Me extrañas.

Yo sé que extrañas mis buenos días por las mañanas, mis llamadas a toda hora, incluso  en algunas madrugadas. Extrañas llevarme y buscarme de clases, hablar hasta dormirnos, reírnos viendo el chavo del 8, extrañas la plenitud con la que conmigo puedes ser tú mismo, extrañas el sentimiento que se agita en tu interior cuando me ves. Extrañas cuando nos sentábamos el uno al lado del otro, sin hablar, solo a mirar el atardecer para permanecer.

Yo sé que extrañas mi calorcito en los momentos oportunos, mi palmadita en tu hombro cuando el mundo se pone duro, me extrañas en esas noches donde tu insomnio te convierte en un búho, extrañas verme sentada en cada uno de tus juegos, aplaudiendo y riendo aunque no ganes. Extrañas que yo te recuerde que como debes de amar la vida, y como los dos aprendíamos juntos a ser mejores ciudadanos. Extrañas ser mi GPS y ubicarme.

Extrañas los escalofríos que te produce el rose de mi piel, el palpitar de mi corazón cuando te acuestas encima de él. Extrañas que ponga la barrera, extrañas que te repita que no te enamores y que al mismo tiempo me incruste en tú ser, extrañas que me acueste en tu pecho, y te dibuje corazones con mis dedos, extrañas mis malcriadeces, mis niñeces, mis ratos de poetisa y toda mi rebeldía.

Extrañas mis cambios de humor, que estemos solos los dos sumergidos en cualquier conversación, extrañas mi olor, mi necedad, mi forma extraña de amar, extrañas nuestro ayer y como nunca di mi brazo a torcer, extrañas sacarme fotos distraída, extrañas abrazarme toda la noches y mis brincos extraños mientras duermo, extrañas mis días de manía, mi cara de alegría, mi mirada de perdición y sin tener sexo hacer el amor.

Extrañas mi luz que te guía, mis locuras con par de frías, extrañas mi música loca que te causa apatía, mis demencias, mis inventos, mis palabras exitosas cuando me creo una psicóloga. Extrañas que juntos perdamos la madurez y que hagamos planes hasta la vejez. Extrañas que te llame por tu segundo nombre y ser mi apoyo cuando me desplomo. Extrañas que te repita que esto será por toda la vida.

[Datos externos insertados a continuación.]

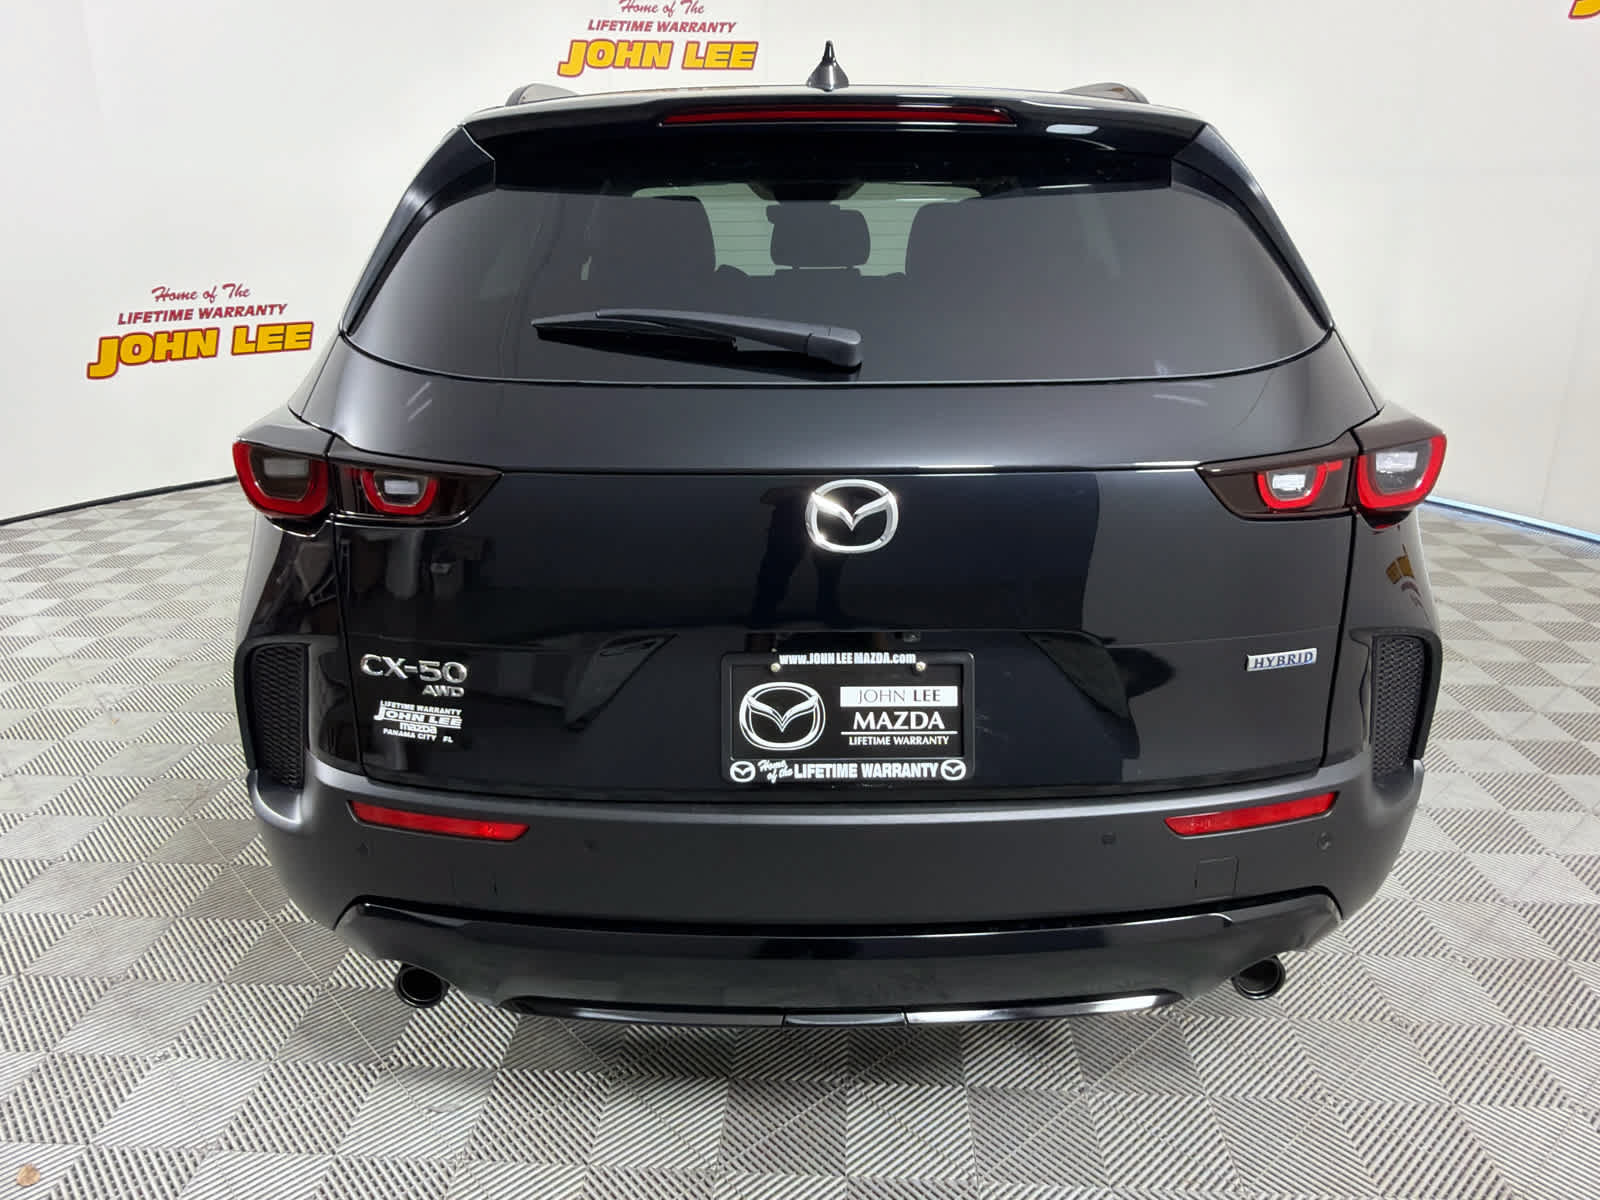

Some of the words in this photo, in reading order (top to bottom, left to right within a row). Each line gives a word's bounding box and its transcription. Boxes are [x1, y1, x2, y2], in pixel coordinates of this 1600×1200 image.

[618, 0, 658, 14] Home
[663, 3, 676, 17] of
[680, 0, 705, 15] The
[588, 19, 653, 32] LIFETIME
[656, 21, 736, 33] WARRANTY
[557, 39, 674, 77] JOHN
[682, 41, 759, 71] LEE
[151, 285, 198, 302] Home
[202, 285, 217, 304] of
[222, 283, 251, 299] The
[118, 308, 194, 326] LIFETIME
[199, 303, 288, 320] WARRANTY
[86, 327, 220, 380] JOHN
[231, 321, 314, 356] LEE
[360, 653, 468, 684] CX-50
[1253, 651, 1314, 669] HYBRID
[422, 684, 465, 698] AWD
[858, 688, 905, 704] JOHN
[913, 689, 941, 702] LEE
[373, 704, 425, 722] JOHN
[429, 714, 462, 727] LEE
[380, 700, 415, 711] LIFETIME
[416, 704, 462, 716] WARRANTY
[853, 711, 945, 730] MAZDA
[382, 727, 416, 739] PANAMA
[417, 733, 437, 742] CITY
[849, 736, 891, 746] LIFETIME
[893, 735, 950, 746] WARRANTY
[757, 759, 787, 773] Home
[794, 763, 858, 779] LIFETIME
[861, 762, 939, 779] WARRANTY
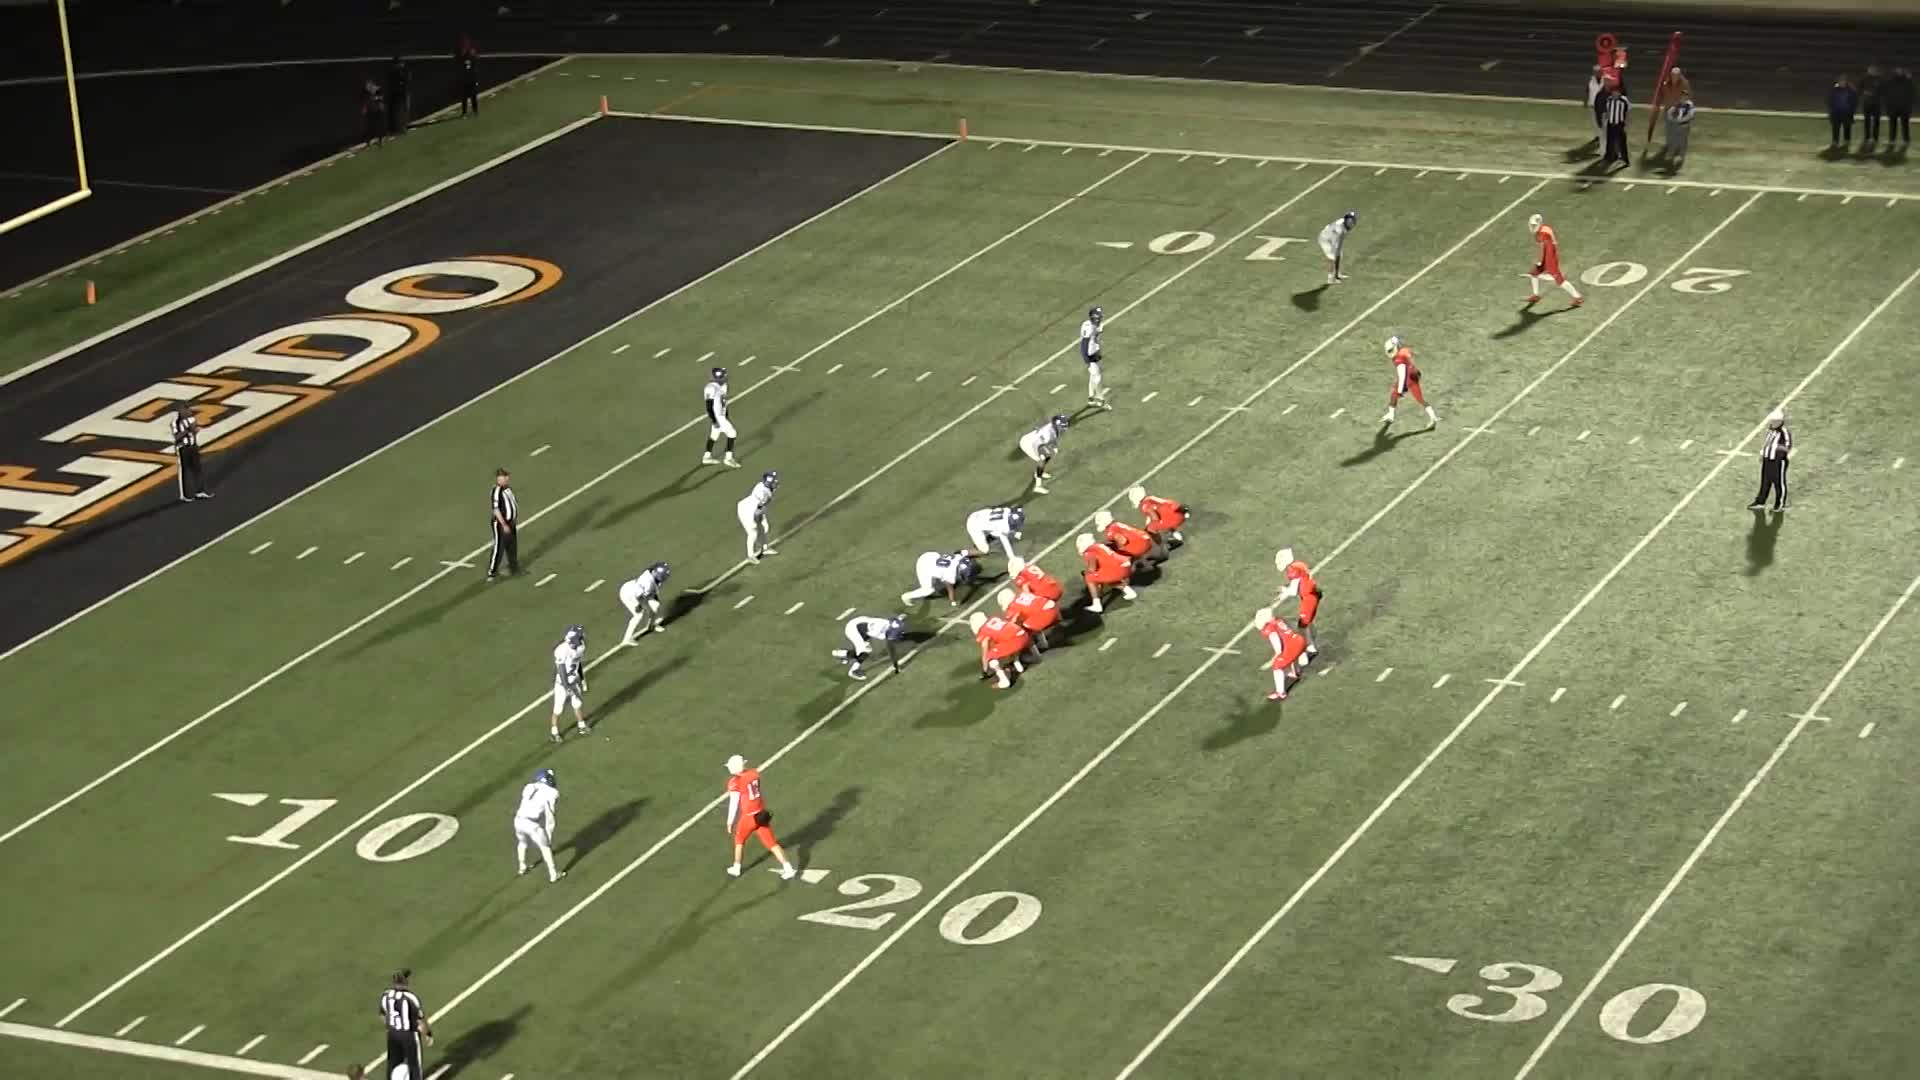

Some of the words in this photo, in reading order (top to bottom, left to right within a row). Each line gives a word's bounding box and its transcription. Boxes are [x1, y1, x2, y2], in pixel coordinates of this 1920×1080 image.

[0, 252, 562, 566] LEDO
[226, 798, 460, 862] 10
[797, 873, 1042, 945] 20
[1447, 961, 1707, 1044] 30

Extrañas nuestros días maravillosos, cuando volábamos por las nubes, extrañas que te abrace por la espalda, extrañas que te llame ebria a media noche colocándote al teléfono canciones, extrañas que pierda mi orgullo y te pida que vuelvas. Extrañas los viejos años, aquel vaivén eterno del que nunca escapábamos, me extrañas porque más que una pareja, un par de amantes o unos novios formales, fuimos grandes amigos que se amaron desde el fondo.

Extrañas ser mi guarida y que te diga que no te preocupes por tonterías. Extrañas lo que yo te puedo transmitir, sabes que como yo nadie va a existir. Extrañas que juntos inventáramos un rumbo o nos perdiéramos juntos. Me extrañas, porque yo te enseñe amar, te enseñe a portarte bien y a crecer mental y personalmente, me extrañas porque fui tu impulso en los momentos débiles, te devolví la fe y la tranquilidad cuando tu mundo no era estable, me extrañas porque a tu corazón le di abrigo, me extrañas porque te enseñe hablar con la verdad, a tomar decisiones, a aprender de los fracasos y avanzar cuando te equivoques.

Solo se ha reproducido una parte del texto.